De lá para cá, estes conceitos se diluíram com a ruína do lado do mundo que sustentava a sinistra. Mudanças comportamentais matizaram também o lado ocidental do globo.
Você pode ser negro, homossexual e assumidamente de direita. Ou branco, da elite e de esquerda. Às vezes por convicção, outras por conveniência.
Parte das balizas que caracterizavam um e outro foram mitigadas pelo fim da facilidade com que antes todos se posicionavam. Era quase compulsório ficar a favor ou contra alvos postos e determinados.
Eis que uma das referências, a URSS, transmutou-se em uma ditadura disfarçada de oligarquia. Restaram caricaturas de comunismo, como Cuba e Coreia do Norte.
A mudança tectônica causou abalos em cadeia, abalando referências. Entre elas, o tamanho do Estado está entre as mais questionadas.
Doria, por enquanto, é um experimento
Para a esquerda extremada, ele precisa ser gigamenso, pois as pessoas precisam da tutela estatal. Para a direita recalcitrante, o Estado só atrapalha e quem for competente que se estabeleça.

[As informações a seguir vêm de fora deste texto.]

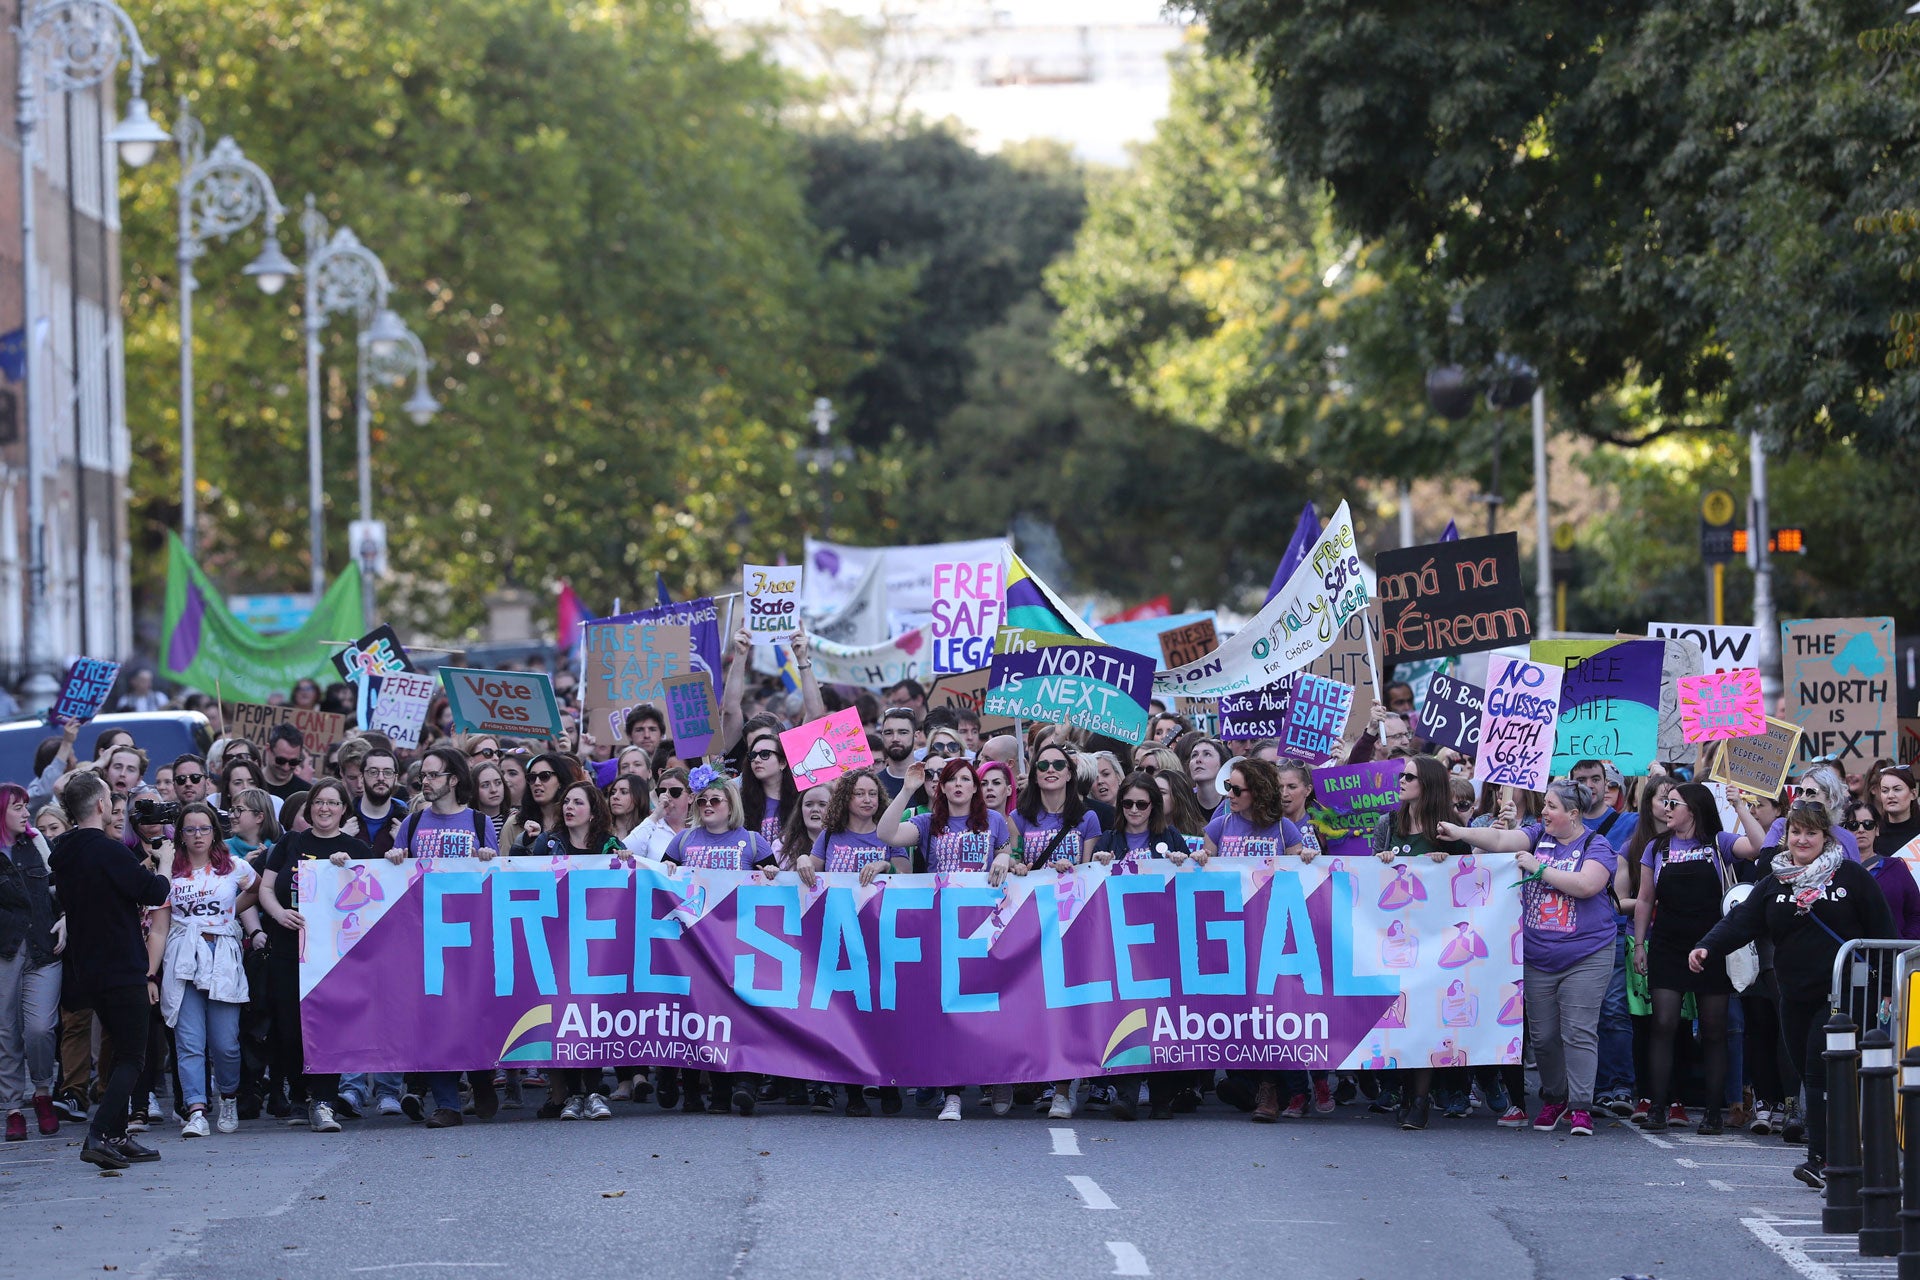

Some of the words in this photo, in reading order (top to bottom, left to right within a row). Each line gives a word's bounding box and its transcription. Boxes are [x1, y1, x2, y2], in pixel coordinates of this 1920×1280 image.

[747, 571, 797, 597] Free
[1324, 555, 1360, 604] Safe
[1456, 557, 1499, 591] na
[750, 598, 795, 616] Safe
[751, 615, 796, 632] LEGAL
[590, 625, 658, 652] FREE
[1792, 634, 1836, 656] THE
[602, 651, 679, 680] SAFE
[933, 636, 995, 673] LEGA
[999, 628, 1038, 655] The
[1037, 647, 1135, 694] NORTH
[1170, 638, 1213, 667] OUT
[73, 658, 120, 684] FREE
[1497, 660, 1546, 688] NO
[1564, 656, 1625, 683] FREE
[65, 679, 110, 704] SAFE
[384, 677, 433, 699] FREE
[463, 675, 532, 700] Vote
[607, 680, 666, 701] LEGA
[670, 682, 708, 701] FREE
[1000, 667, 1024, 692] is
[1036, 677, 1119, 717] NEXT.
[1297, 675, 1352, 710] FREE
[1433, 676, 1451, 700] Oh
[1799, 680, 1888, 706] NORTH
[235, 702, 292, 727] PEOPLE
[376, 698, 427, 723] SAFE
[479, 698, 530, 722] Yes
[1221, 696, 1254, 713] Safe
[1259, 691, 1291, 710] Abort
[1487, 687, 1557, 726] GUESSES
[1561, 686, 1619, 724] SAFE
[1706, 698, 1737, 714] LEFT
[1222, 716, 1277, 737] Access
[1291, 700, 1345, 737] SAFE
[1422, 701, 1448, 738] Up
[1455, 711, 1481, 748] Yo
[1829, 709, 1845, 723] IS
[1485, 718, 1543, 746] WITH
[1797, 730, 1887, 762] NEXT
[1323, 774, 1361, 793] IRISH
[1485, 756, 1539, 789] YESES
[175, 889, 213, 903] Together
[175, 900, 225, 918] Yes.
[1776, 890, 1839, 903] REAL
[422, 868, 692, 997] FREE
[734, 884, 1006, 1014] SAFE
[1034, 871, 1401, 1009] LEGAL
[556, 1003, 732, 1043] Abortion
[1152, 1005, 1329, 1042] Abortion
[556, 1042, 625, 1061] RIGHTS
[628, 1040, 729, 1065] CAMPAIGN
[1154, 1043, 1221, 1064] RIGHTS
[1225, 1044, 1329, 1063] CAMPAIGN

Toda esta falta de referências, traço deste início de século, é permeada pela descrença na política como mediadora de conflitos, aqui e além-mar. Em nossas terras, os últimos 13 anos de governo conduziram ao aniquilamento da política.
No cenário onde direita e esquerda dizem menos do que antes e políticos não são bem-vindos, mas o Estado continua a exigir quem lhe conduza, surgem figuras experimentais. Parece ser o caso de João Doria, prefeito de São Paulo.

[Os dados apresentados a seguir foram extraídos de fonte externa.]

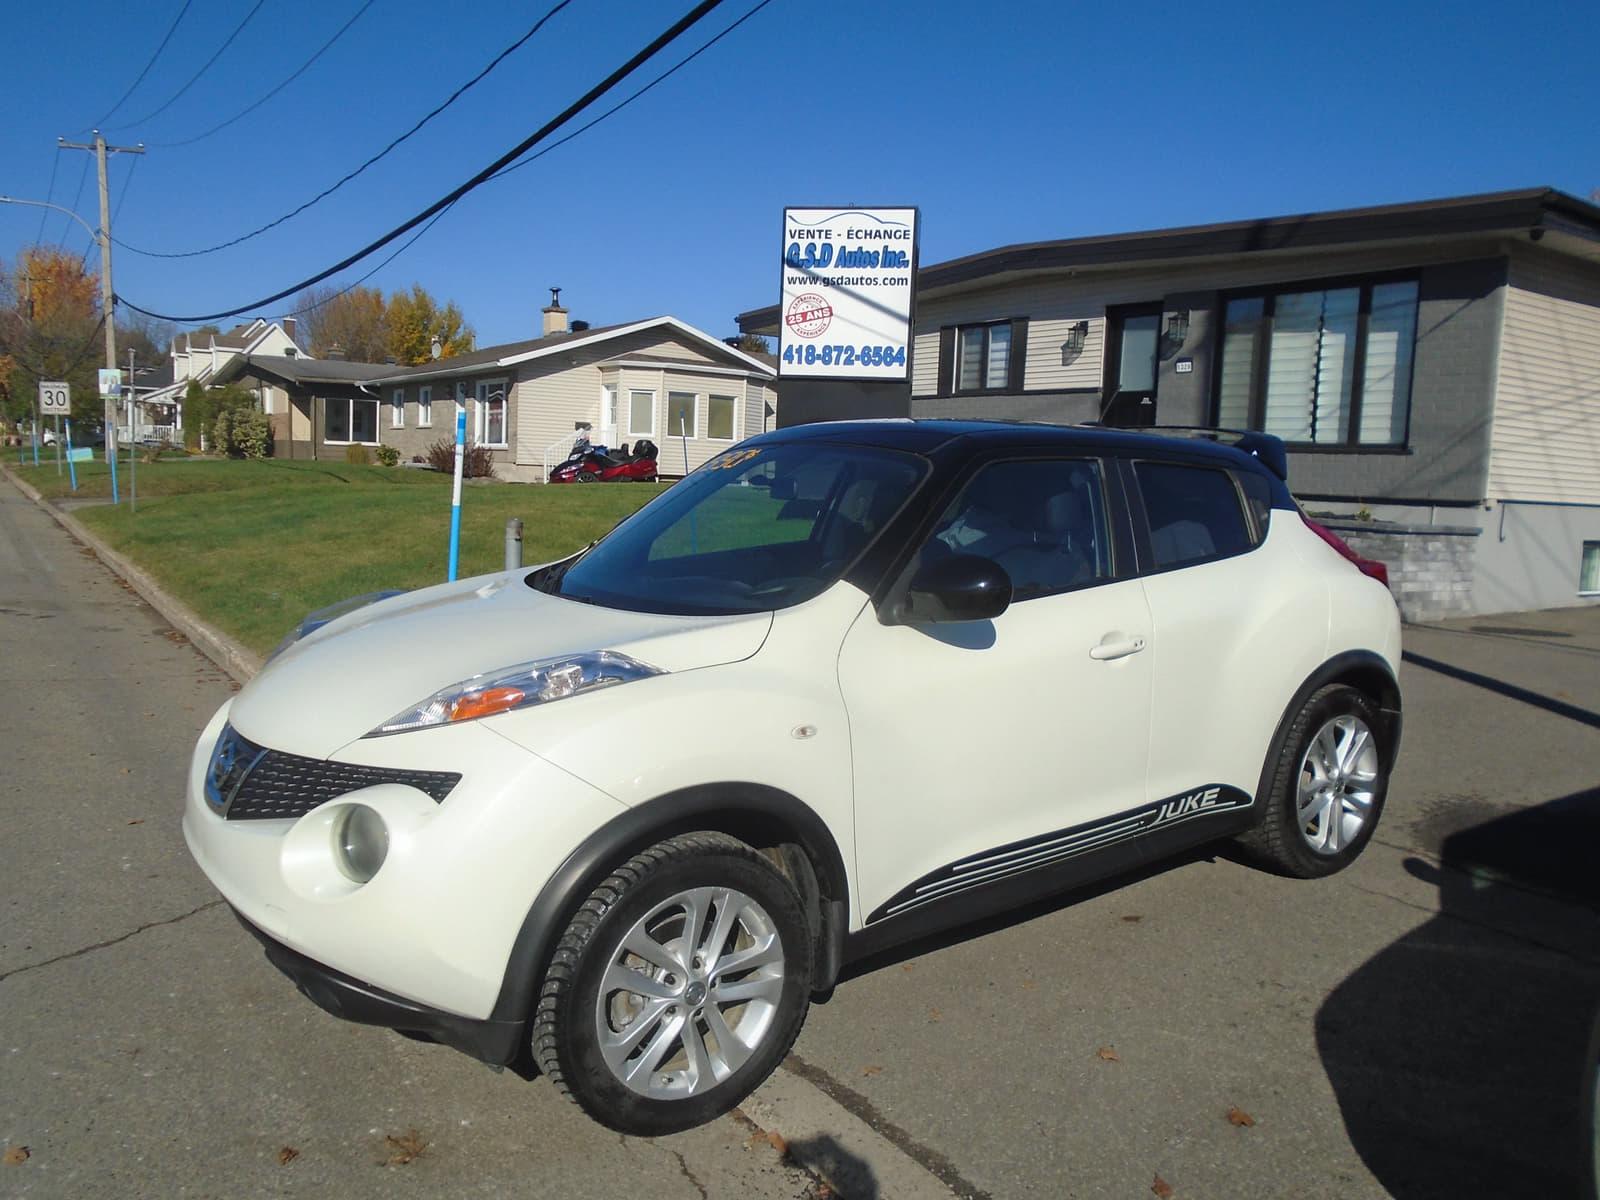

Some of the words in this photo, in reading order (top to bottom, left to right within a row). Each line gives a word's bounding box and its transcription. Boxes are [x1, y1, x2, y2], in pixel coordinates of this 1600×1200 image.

[789, 229, 832, 239] VENTE
[847, 226, 911, 239] ÉCHANGE
[834, 246, 880, 268] Autos
[881, 245, 910, 268] Inc.
[787, 275, 908, 287] www.gsdautos.com
[787, 313, 803, 324] 25
[806, 307, 831, 320] ANS
[782, 344, 905, 367] 418-872-6564
[44, 390, 66, 406] 30
[1148, 787, 1220, 826] JUKE

Gerado pelo contumaz candidato a presidente da República, governador Geraldo Alckmin, o empresário ricaço e midiático faz questão de se dizer gestor, rejeitando a política. Falso. Ninguém sem tal habilidade chegaria onde ele chegou.
Com a carência de profissionais da política que não constem em alguma lista de meliantes do erário, o nome de Doria, ora edil paulistano, desponta como alternativa a postos mais reluzentes. Roupagem que parece lhe apetecer.
O tamanho do Estado de Doria ainda não está claro. Ele não se assusta, porém, em romper paradigmas patrícios, trazendo a iniciativa privada para dentro do Edifício Matarazzo, descabelando quem, em teoria, demoniza o empresariado.
Alckmin pode ter criado um monstro transmudante, que não tem cara nem referências que não sejam o poder. Ou pode ter parido um bruxo capaz de amalgamar o descontentamento com os políticos profissionais e seu mantra “gestão é o que interessa”.
O ambiente em mutação pelo qual passa o Brasil (e o mundo) não comporta previsões, mas vaticínios. Além disso, a Lava-Jato está em curso, assanhando outros juízes a investirem sobre larápios ainda nas sombras do Estado, como constatou a divergente Helena Chagas.
De concreto, a presidência da República no caminho do prefeito. Quanto mais a Lava-Jato varre do cenário os nomes recorrentes a chefiar o Palácio do Planalto, menos obstáculos advém à sua frente.
As barreiras que restam, porém, demandarão afinco. É o caso PSDB, incluindo o mentor Alckmin, que precisaria indicá-lo candidato, e os eleitores, que teriam que sufragá-lo. Para esta empreitada, o gestor vai precisar fazer mais política do que nunca.